→ **WHAT IS NEEDED**
Without including the pictures, copy out every line below.

→ **GIVEN RECORDS**
===

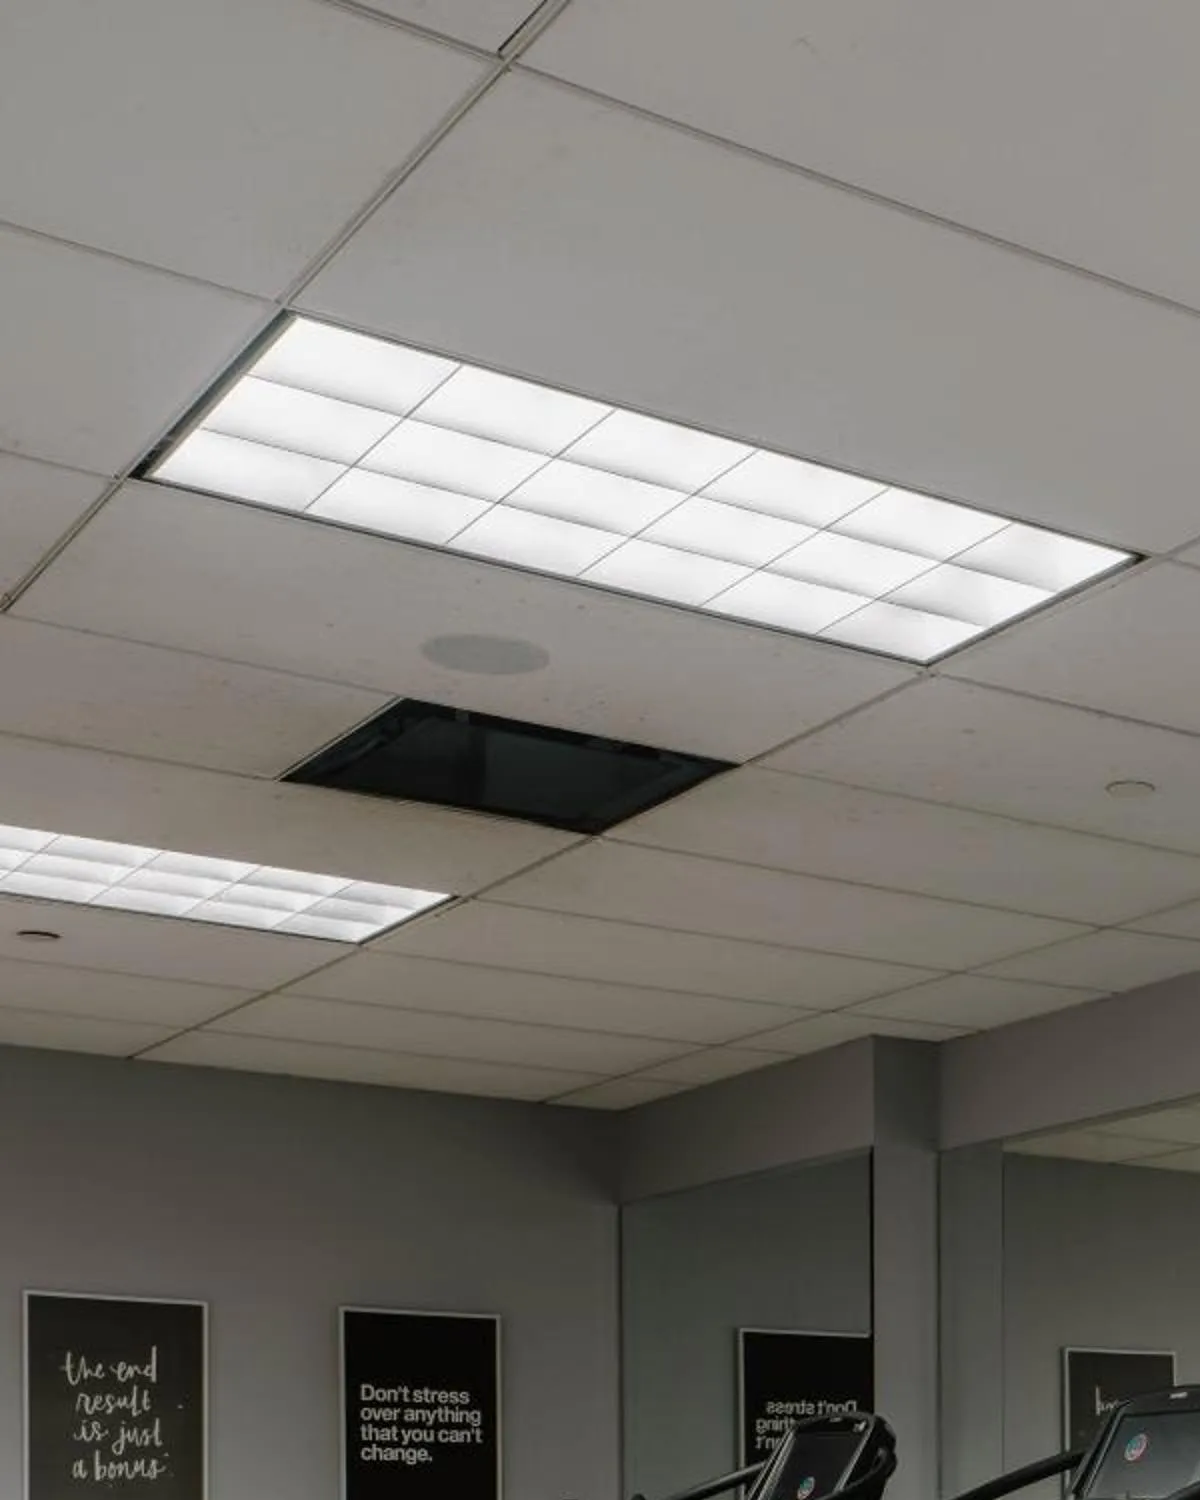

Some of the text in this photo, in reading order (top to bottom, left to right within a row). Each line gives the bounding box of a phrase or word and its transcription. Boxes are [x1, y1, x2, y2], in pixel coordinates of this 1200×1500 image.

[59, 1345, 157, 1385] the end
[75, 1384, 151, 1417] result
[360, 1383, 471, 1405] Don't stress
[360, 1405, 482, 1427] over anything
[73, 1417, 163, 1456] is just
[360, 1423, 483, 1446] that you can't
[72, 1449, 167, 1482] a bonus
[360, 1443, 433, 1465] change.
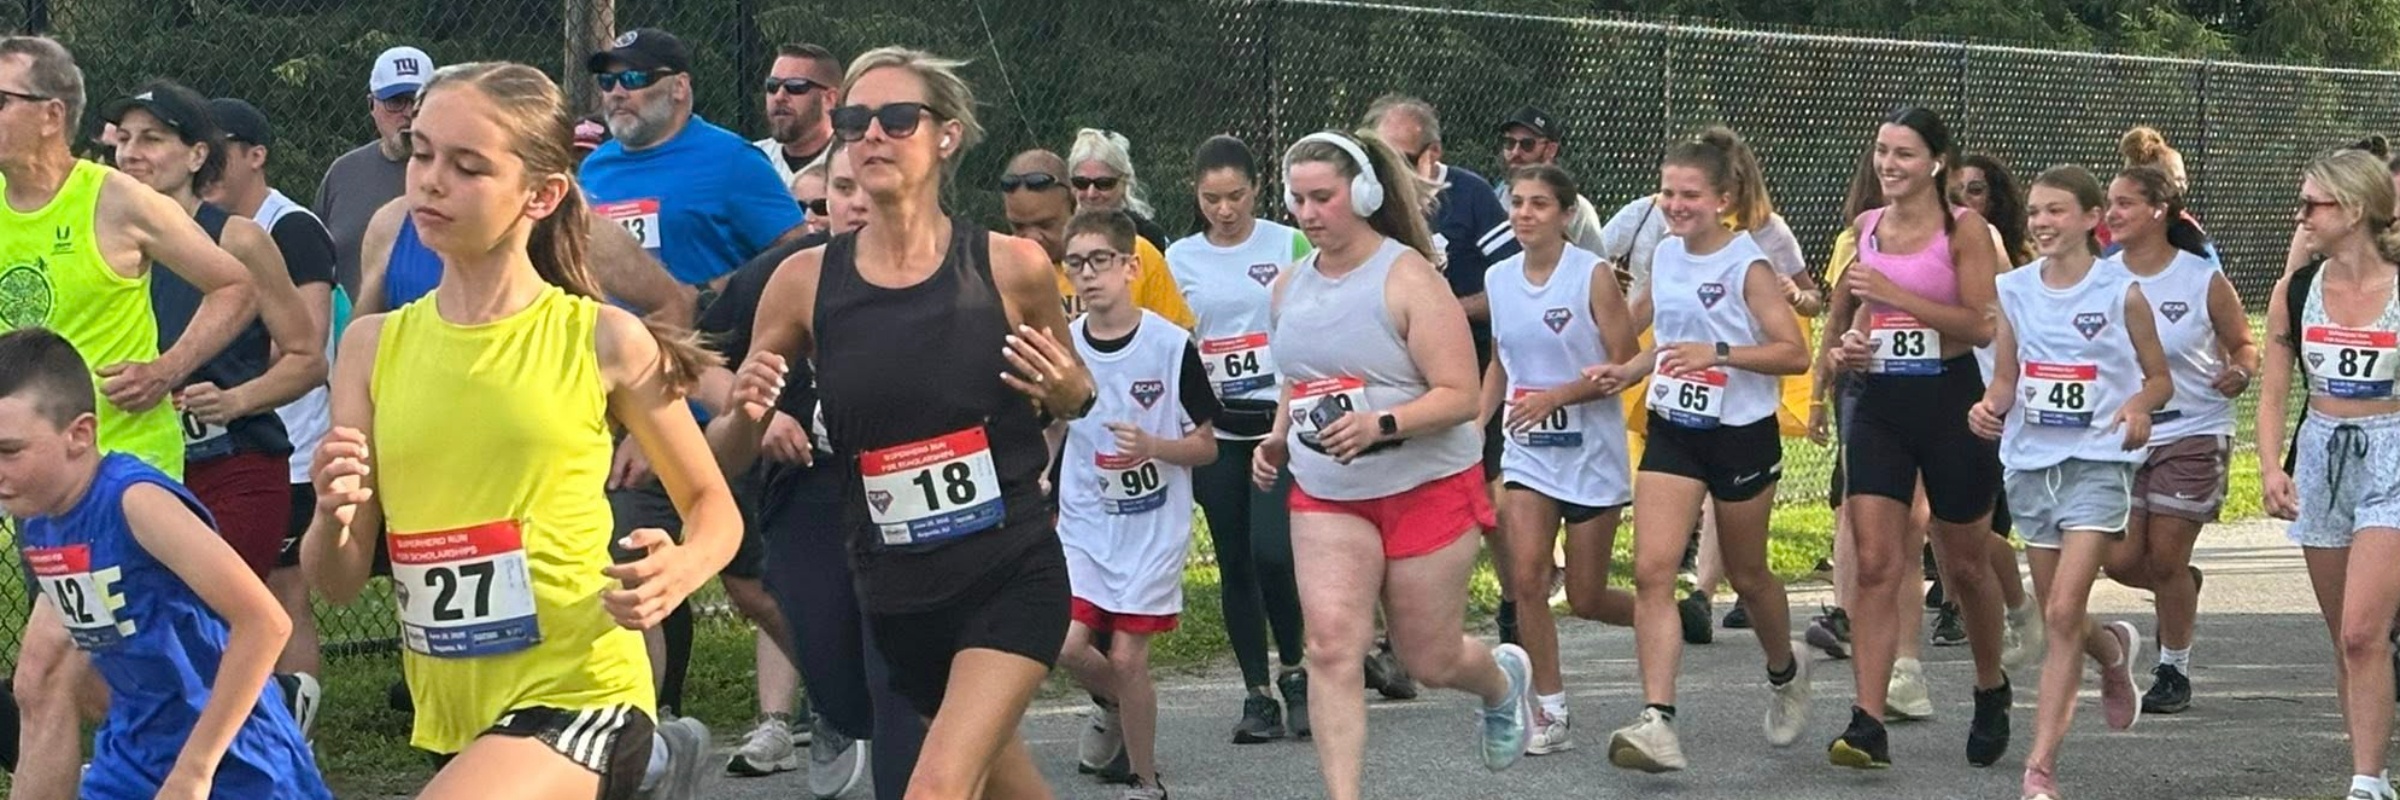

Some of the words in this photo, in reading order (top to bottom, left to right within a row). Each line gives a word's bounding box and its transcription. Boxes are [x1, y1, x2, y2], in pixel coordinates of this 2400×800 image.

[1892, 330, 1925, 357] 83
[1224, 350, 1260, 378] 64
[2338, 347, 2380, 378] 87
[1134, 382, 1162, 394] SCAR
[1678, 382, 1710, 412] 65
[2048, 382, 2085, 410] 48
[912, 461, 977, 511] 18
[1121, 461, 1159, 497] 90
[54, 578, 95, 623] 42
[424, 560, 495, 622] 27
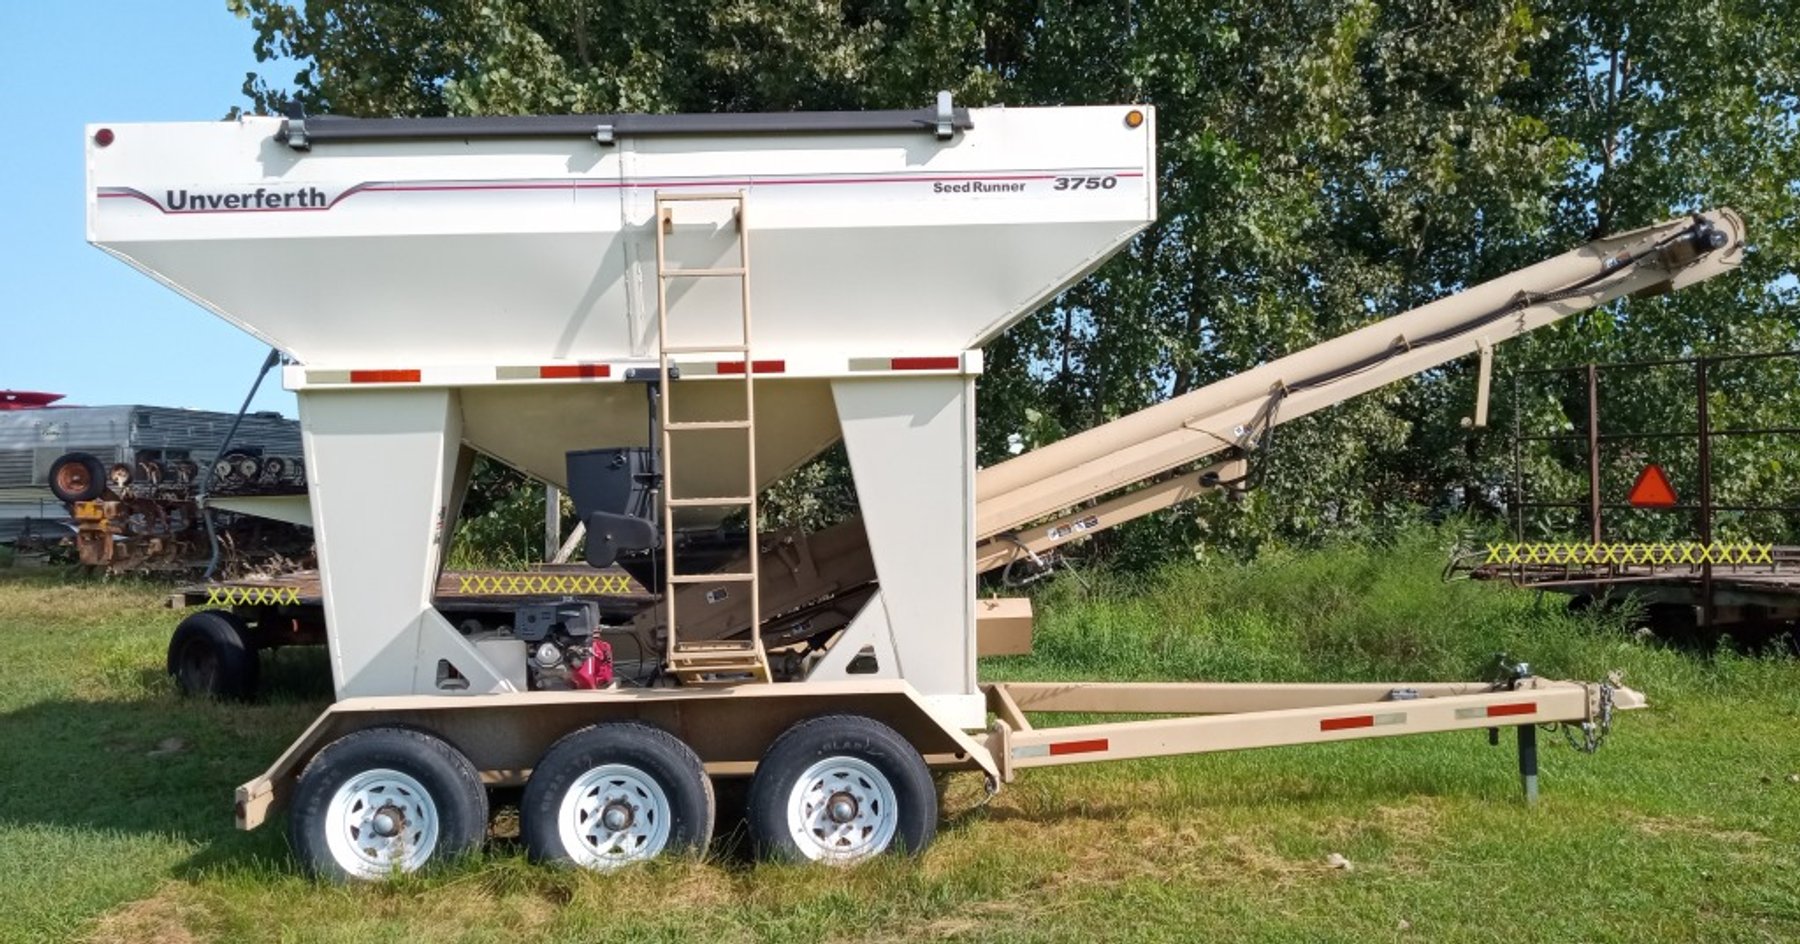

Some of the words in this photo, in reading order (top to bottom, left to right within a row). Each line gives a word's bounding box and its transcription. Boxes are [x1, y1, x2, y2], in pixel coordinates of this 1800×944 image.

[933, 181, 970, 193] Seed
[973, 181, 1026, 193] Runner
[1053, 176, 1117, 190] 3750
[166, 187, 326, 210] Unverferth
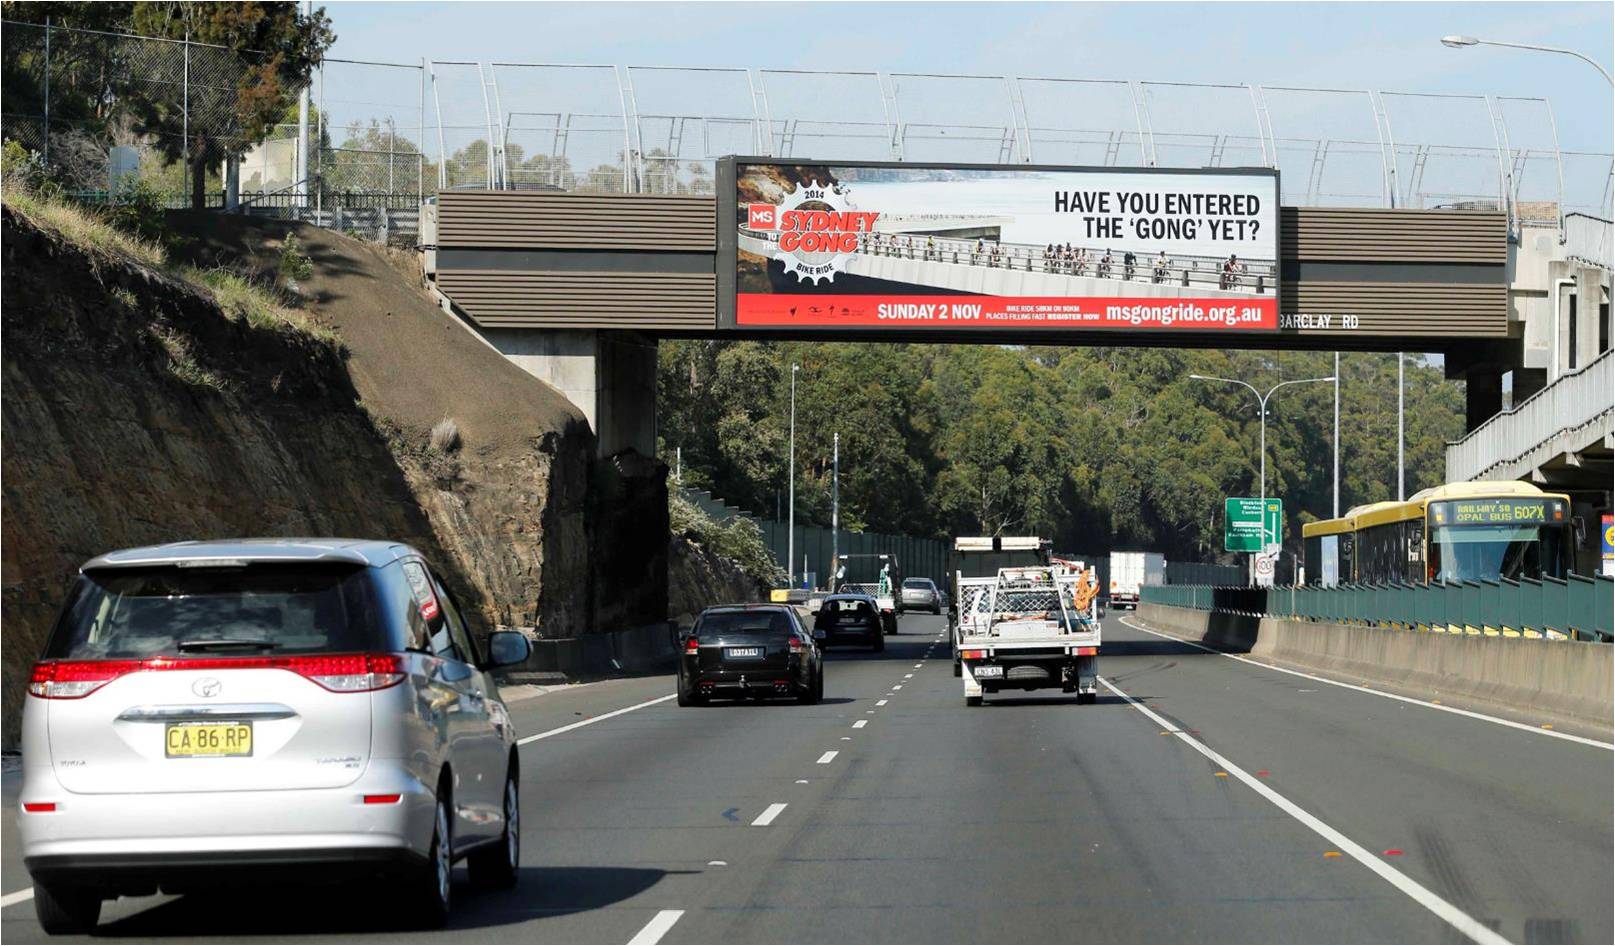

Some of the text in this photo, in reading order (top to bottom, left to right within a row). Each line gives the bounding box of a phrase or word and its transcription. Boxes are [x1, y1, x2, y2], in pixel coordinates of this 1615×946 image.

===

→ **RESPONSE TO THE EXERCISE**
Some of the text in this photo, in reading order (top to bottom, left to right within a row). Each line gives the bounding box of a phrase or word and its transcription. Boxes are [x1, y1, x2, y2], in pixel coordinates of this 1200×1500 image.

[59, 1345, 157, 1385] the end
[75, 1384, 151, 1417] result
[360, 1383, 471, 1405] Don't stress
[360, 1405, 482, 1427] over anything
[73, 1417, 163, 1456] is just
[360, 1423, 483, 1446] that you can't
[72, 1449, 167, 1482] a bonus
[360, 1443, 433, 1465] change.

Some of the words in this photo, in reading order (top to bottom, left to right within a row). Each line gives a word's bounding box and its transcription. Boxes are [x1, y1, x2, y2], in pixel coordinates of this 2400×800 image.

[1892, 330, 1925, 357] 83
[1224, 350, 1260, 378] 64
[2338, 347, 2380, 378] 87
[1134, 382, 1162, 394] SCAR
[1678, 382, 1710, 412] 65
[2048, 382, 2085, 410] 48
[912, 461, 977, 511] 18
[1121, 461, 1159, 497] 90
[54, 578, 95, 623] 42
[424, 560, 495, 622] 27

Some of the words in this photo, in reading order (top to bottom, left to right within a row). Each line gives a word's bounding box and its transcription. Boxes are [x1, y1, x2, y2], in pixel coordinates of this 1800×944 image.

[933, 181, 970, 193] Seed
[973, 181, 1026, 193] Runner
[1053, 176, 1117, 190] 3750
[166, 187, 326, 210] Unverferth

Some of the text in this photo, in reading order (top to bottom, left to right within a row). Each line gives the bounding box of a phrase or word and its transcription. Boxes are [x1, y1, x2, y2], in pixel coordinates of this 1615×946 image.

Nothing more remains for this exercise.